On 5/14/24 8:34 PM, Tim Harvey wrote:
Hi,
diff --git a/doc/imx/habv4/guides/mx8m_spl_secure_boot.txt b/doc/imx/habv4/guides/mx8m_spl_secure_boot.txt index e16e5410bd9..ce1de659d8c 100644 --- a/doc/imx/habv4/guides/mx8m_spl_secure_boot.txt +++ b/doc/imx/habv4/guides/mx8m_spl_secure_boot.txt @@ -121,6 +121,9 @@ build configuration:
Defconfig:
CONFIG_IMX_HAB=y
- CONFIG_FSL_CAAM=y
- CONFIG_ARCH_MISC_INIT=y
- CONFIG_SPL_CRYPTO=y
Hi Marek,
Thanks for wrapping the dts bits with a config item.
Is there any other reason to build with CONFIG_IMX_HAB than to use a signed image? I see that there are several ARCH_MX6 and ARCH_MX7 configs that have this enabled (not ARCH_IMX8M so this certainly doesn't break anything) and I'm not sure what the value of that is.
I think those few either enabled in preemptively in anticipation of possibly using HAB, or are wrong. I suspect it should be disabled for those, as it only adds to the board boot time and I am not even sure if those machines would boot correctly.
Francesco, maybe you do have MX7 Colibri ?
I notice that FSL_CAAM is selected when you select IMX_HAB... is there any reason why ARCH_MISC_INIT and SPL_CRYPTO should not be selected by IMX_HAB as well (future patch perhaps)?

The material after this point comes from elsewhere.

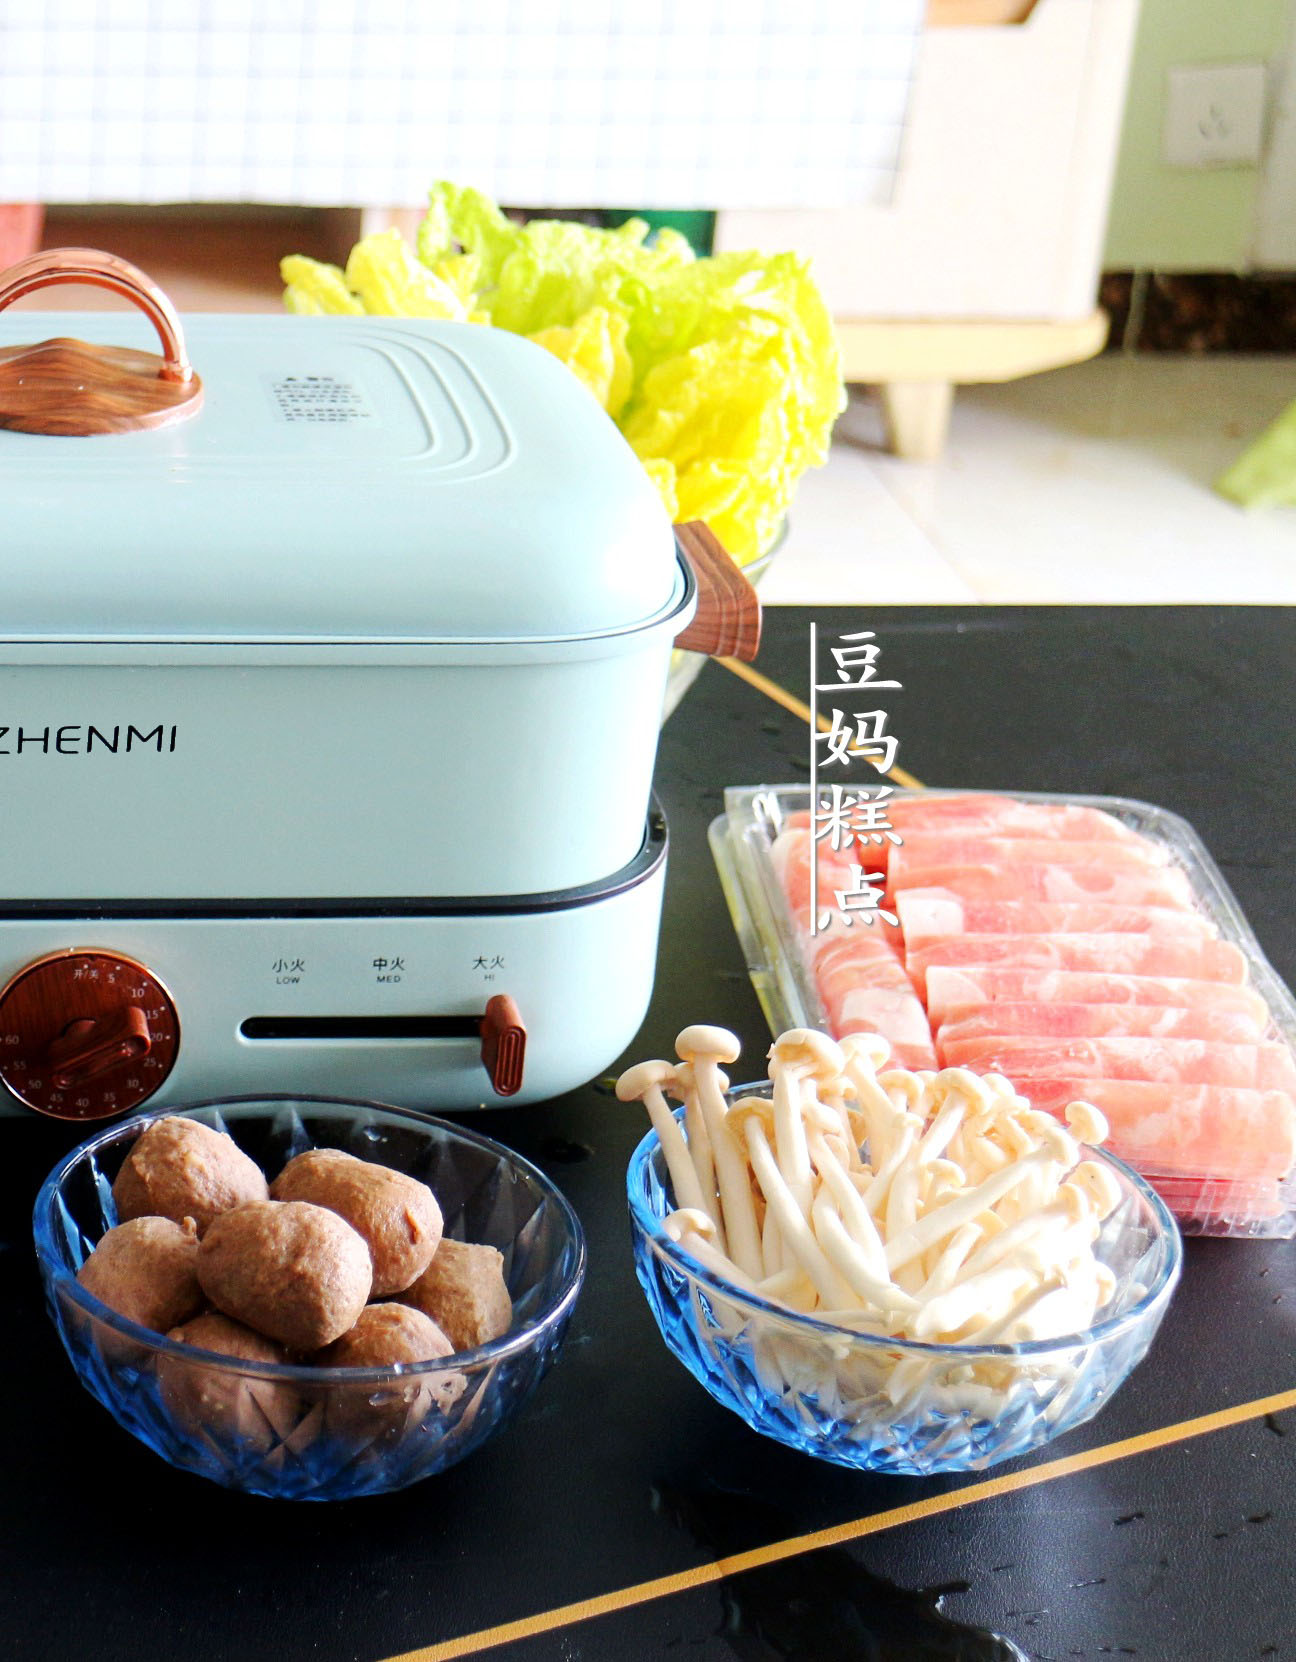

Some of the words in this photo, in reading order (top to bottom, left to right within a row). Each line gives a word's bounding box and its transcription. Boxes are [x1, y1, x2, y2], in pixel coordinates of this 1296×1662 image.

ARCH_MISC_INIT should be selected by SoC Kconfig on MX7 and maybe CAAM on MX8M I think . As for SPL_CRYPTO, that should be selected by SPL_FSL_CAAM I think.
- Kconfig:
We definitely need to describe the additional requirements here. Maybe something like:
- Tools:
cst - NXP code-signing-tool (eg apt install imx-code-signing-tool)

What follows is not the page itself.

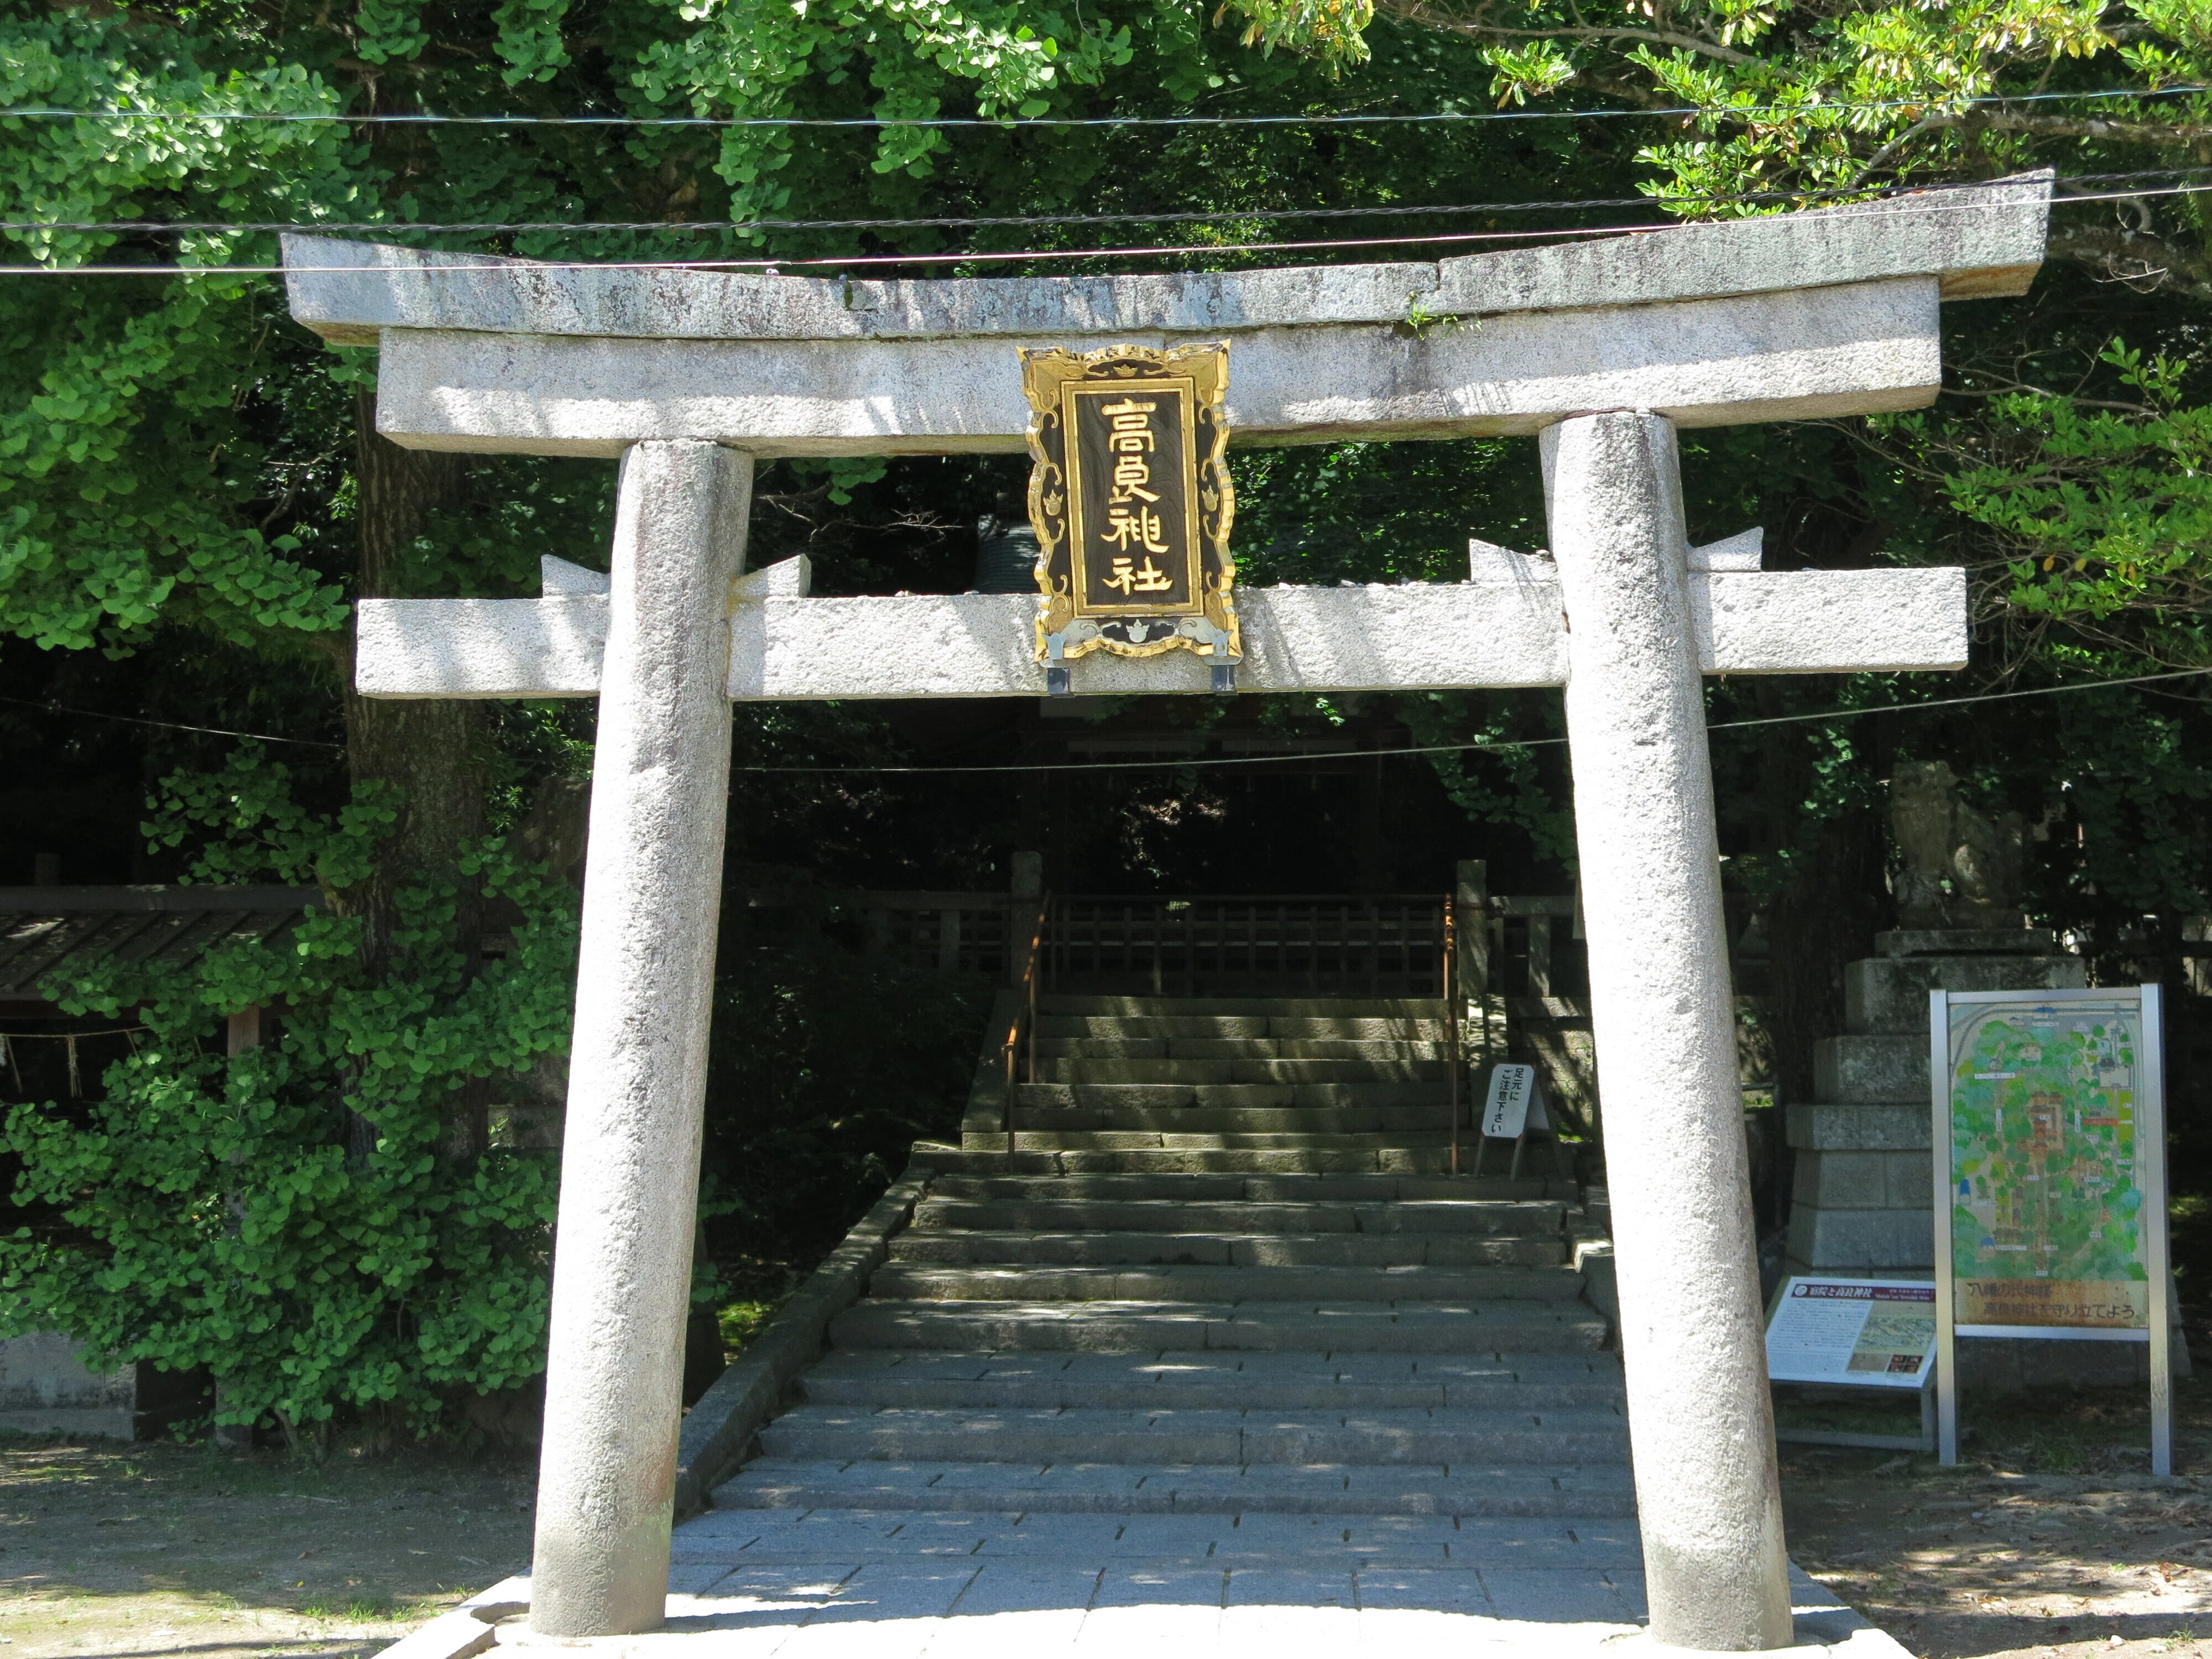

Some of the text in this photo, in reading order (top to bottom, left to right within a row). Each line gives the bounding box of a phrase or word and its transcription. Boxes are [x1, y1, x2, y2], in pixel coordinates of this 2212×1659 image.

[1101, 398, 1173, 596] 高良神社
[1491, 1069, 1513, 1133] ご注意下さい
[1509, 1067, 1524, 1101] 足元に

- Files: (created with NXP IMX_CST_TOOL)
SRK_1_2_3_4_table.bin (specified by nxp,srk-table node): fuse table CSF1_1_sha256_4096_65537_v3_usr_crt.pem (specified by nxp,csf-crt node): CSF_KEY IMG1_1_sha256_4096_65537_v3_usr_crt.pem (specified by nxp,img-crt node): IMG_KEY
The following works fine for me on v2024.01 export CST_DIR=/usr/src/nxp/cst-3.3.2/ export CSF_KEY=$CST_DIR/crts/CSF1_1_sha256_4096_65537_v3_usr_crt.pem export IMG_KEY=$CST_DIR/crts/IMG1_1_sha256_4096_65537_v3_usr_crt.pem export SRK_TABLE=$CST_DIR/crts/SRK_1_2_3_4_table.bin export PATH=$CST_DIR/linux64/bin:$PATH make && /bin/sh doc/imx/habv4/csf_examples/mx8m/csf.sh
But with the above defines and your series this fails: ln -sf $SRK_TABLE SRK_1_2_3_4_table.bin ln -sf $CSF_KEY CSF1_1_sha256_4096_65537_v3_usr_crt.pem ln -sf $IMG_KEY IMG1_1_sha256_4096_65537_v3_usr_crt.pem make BINMAN .binman_stamp Wrote map file './image.map' to show errors binman: Error 1 running 'cst -i ./nxp.csf-config-txt.section.nxp-imx8mcst@0 -o ./nxp.csf-output-blob.section.nxp-imx8mcst@0': Error: Cannot open key file IMG1_1_sha256_4096_65537_v3_usr_key.pem 0:error:02001002:system library:fopen:No such file or directory:crypto/bio/bss_file.c:288:fopen('IMG1_1_sha256_4096_65537_v3_usr_key. pem','r') 0:error:20074002:BIO routines:file_ctrl:system lib:crypto/bio/bss_file.c:290:
make: *** [Makefile:1126: .binman_stamp] Error 1
So how is it that the default for nxp,img-crt IMG1_1_sha256_4096_65537_v3_usr_crt.pem is now looking for IMG1_1_sha256_4096_65537_v3_usr_key? It fails also if I cp the files vs ln them.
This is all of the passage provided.